Opened 5 years ago
Last modified 5 years ago
#13333 new Bugs
Child processes started with boost::process have incorrect argv if executable path contains spaces
| Reported by: | Owned by: | ||
|---|---|---|---|
| Milestone: | To Be Determined | Component: | process |
| Version: | Boost 1.65.0 | Severity: | Problem |
| Keywords: | Cc: |
Description
If an executable to start has spaces in its path, the process started with either boost::process::child or boost::process::system will have a strange argv.
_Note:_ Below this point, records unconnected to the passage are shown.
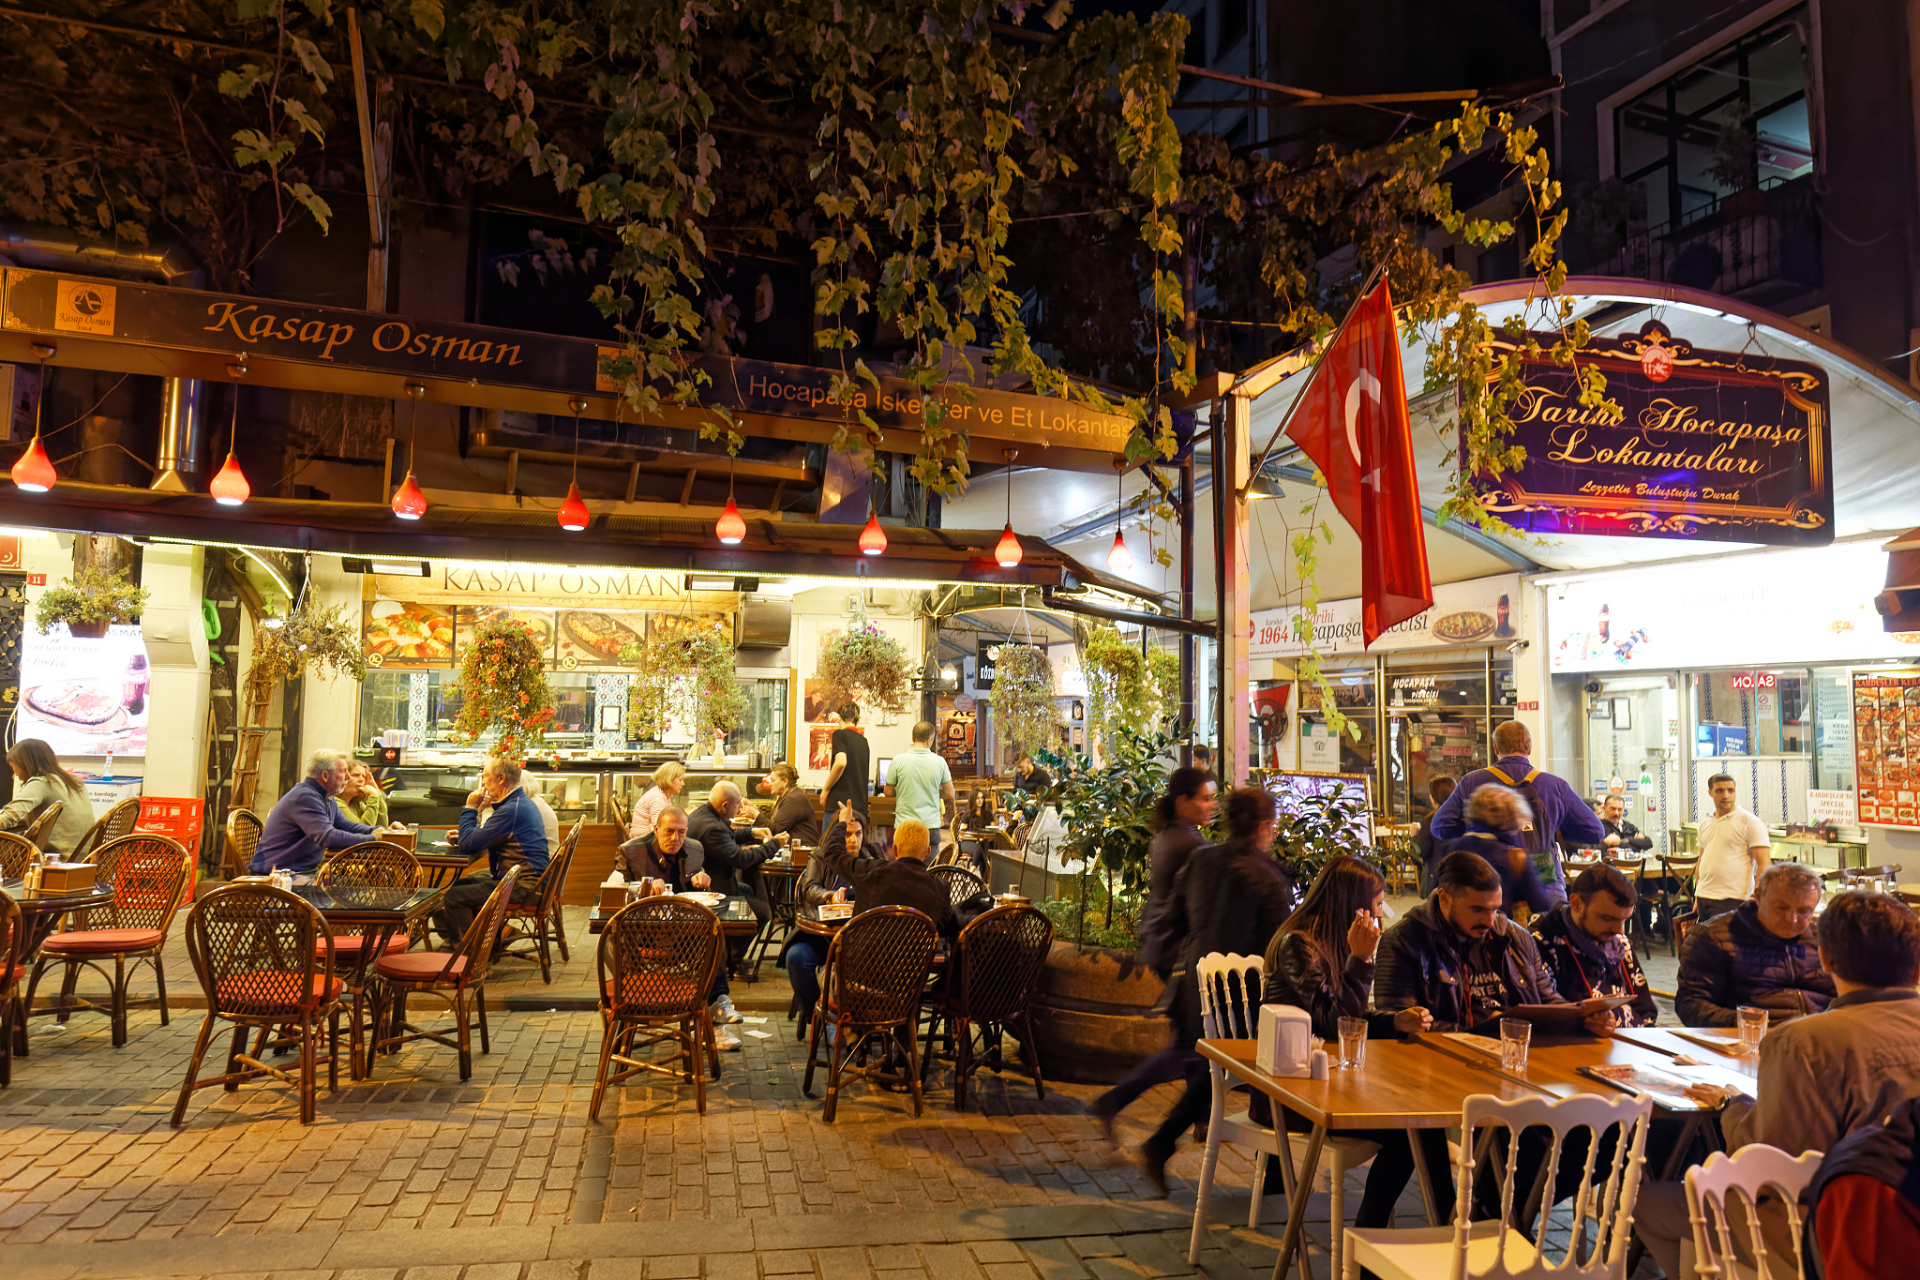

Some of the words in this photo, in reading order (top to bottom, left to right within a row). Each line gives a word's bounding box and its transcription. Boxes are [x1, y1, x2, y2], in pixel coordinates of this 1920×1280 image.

[59, 312, 83, 326] Kasap
[85, 315, 111, 326] Osman
[203, 302, 355, 360] Kasap
[372, 322, 523, 366] Osman
[978, 407, 1004, 424] ve
[1011, 406, 1033, 428] Et
[1638, 398, 1808, 450] Hocapaşa
[1547, 424, 1765, 475] Lokantaları
[1579, 480, 1631, 496] Lezzetin
[1635, 483, 1698, 501] Buluştuğu
[1701, 487, 1741, 501] Durak
[32, 576, 41, 584] 11
[443, 566, 546, 593] KASAP
[559, 572, 681, 596] OSMAN
[1260, 625, 1288, 645] 1964
Specifically, the segments of the executable's path will be individual elements in the argv array.
To demonstrate this problem, the following program dumps argv:
#include <iostream>
int main(int argc, char* argv[])
{
// Dump the command line arguments.
std::cout << argc << std::endl;
for (int i = 0; i < argc; ++i)
std::cout << argv[i] << std::endl;
return 0;
}
Compile this and place the resulting DumpCmdLine.exe in "c:\dir with space\" and "c:\dirwithoutspace\".
The following program runs this executable using boost::process, and demonstrates the problem:
#include "stdafx.h"
#include <boost/process.hpp>
#include <boost/filesystem.hpp>
int main()
{
boost::filesystem::path toRun{ "c:\\dir with space\\DumpCmdLine.exe" };
auto child = boost::process::child(toRun, L"realArgument");
child.wait();
return 0;
}
The child process argv contains 4 elements, "c:\dir", "with", "space\DumpCmdLine.exe", and "realArgument".
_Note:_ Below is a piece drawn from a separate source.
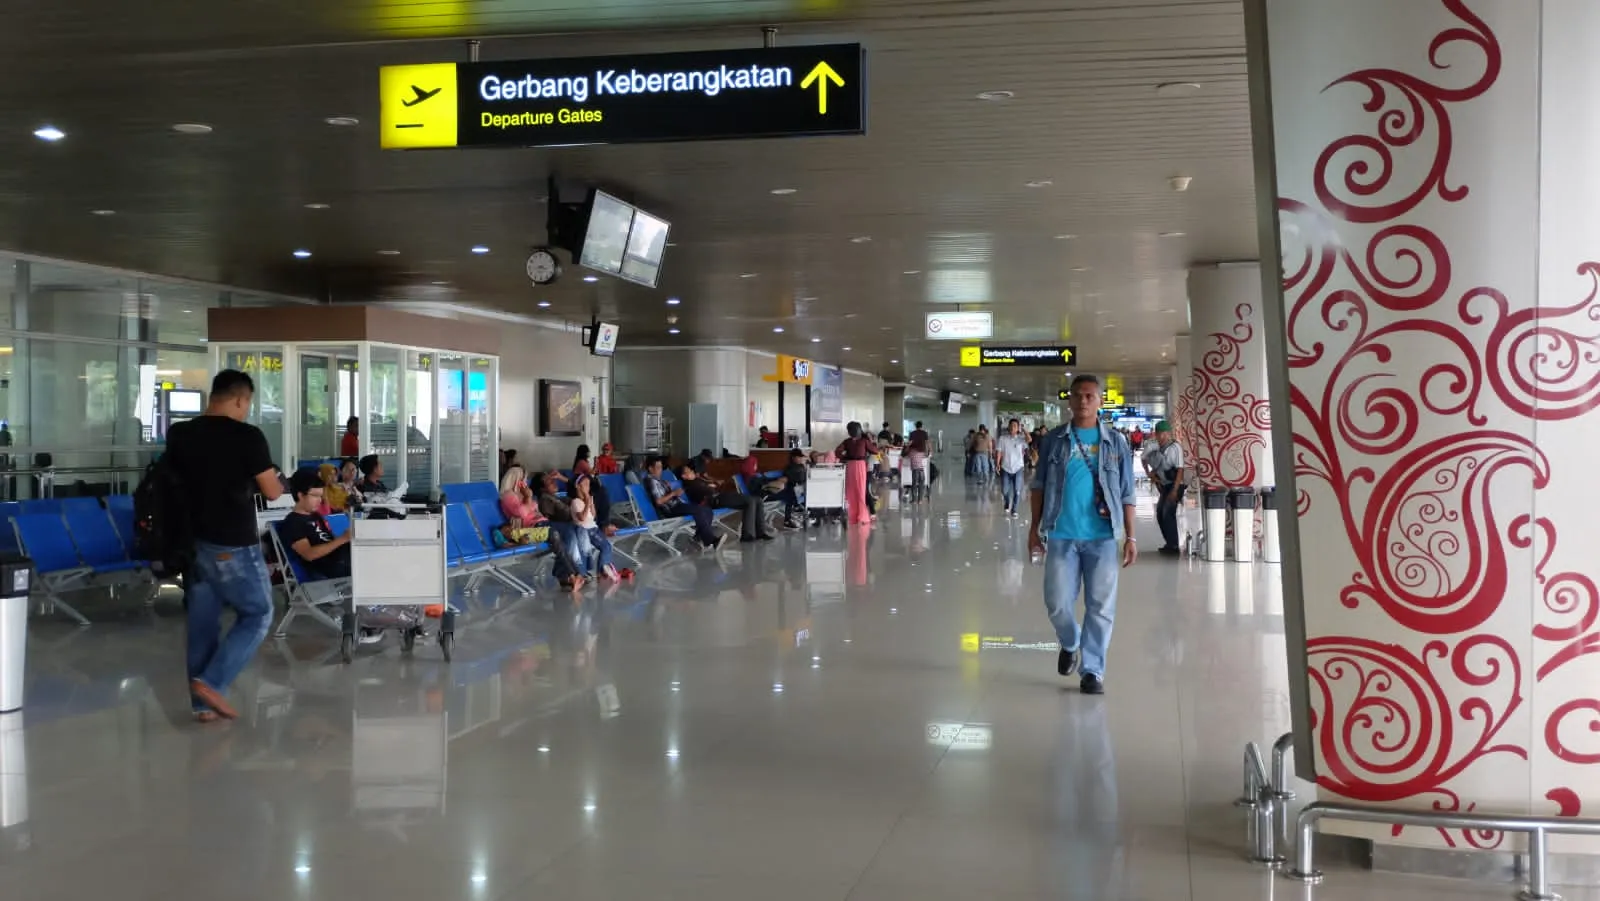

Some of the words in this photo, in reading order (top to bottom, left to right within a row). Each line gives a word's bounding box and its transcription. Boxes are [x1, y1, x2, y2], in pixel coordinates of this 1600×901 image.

[480, 74, 588, 102] Gerbang
[596, 64, 791, 96] Keberangkatan
[481, 111, 554, 129] Departure
[558, 108, 602, 124] Gates
When there is no space in the executable path, the child process argv contains 2 elements: "c:\dirwithoutspace\DumpCmdLine.exe", and "realArgument".
When DumpCmdLine.exe is called from the command line, it receives the same 2 arguments. The command line I used is:
"c:\dir with space\DumpCmdLine.exe" realArgument
This was observed on a Windows 10 system, 64 bit build both debug and release configurations. Visual Studio 2017 (15.4.3) was used to build.
Change History (2)
comment:1 by , 5 years ago
comment:2 by , 5 years ago
Confirm this happens in my setup as well, Windows 10 x64, VS 2017, boost 1.65.1

When using the "command style" of execution with a quoted executable path, the expected (2 argument) argv is received by the child process. This is a bit of a hack since quoting the path is likely OS specific.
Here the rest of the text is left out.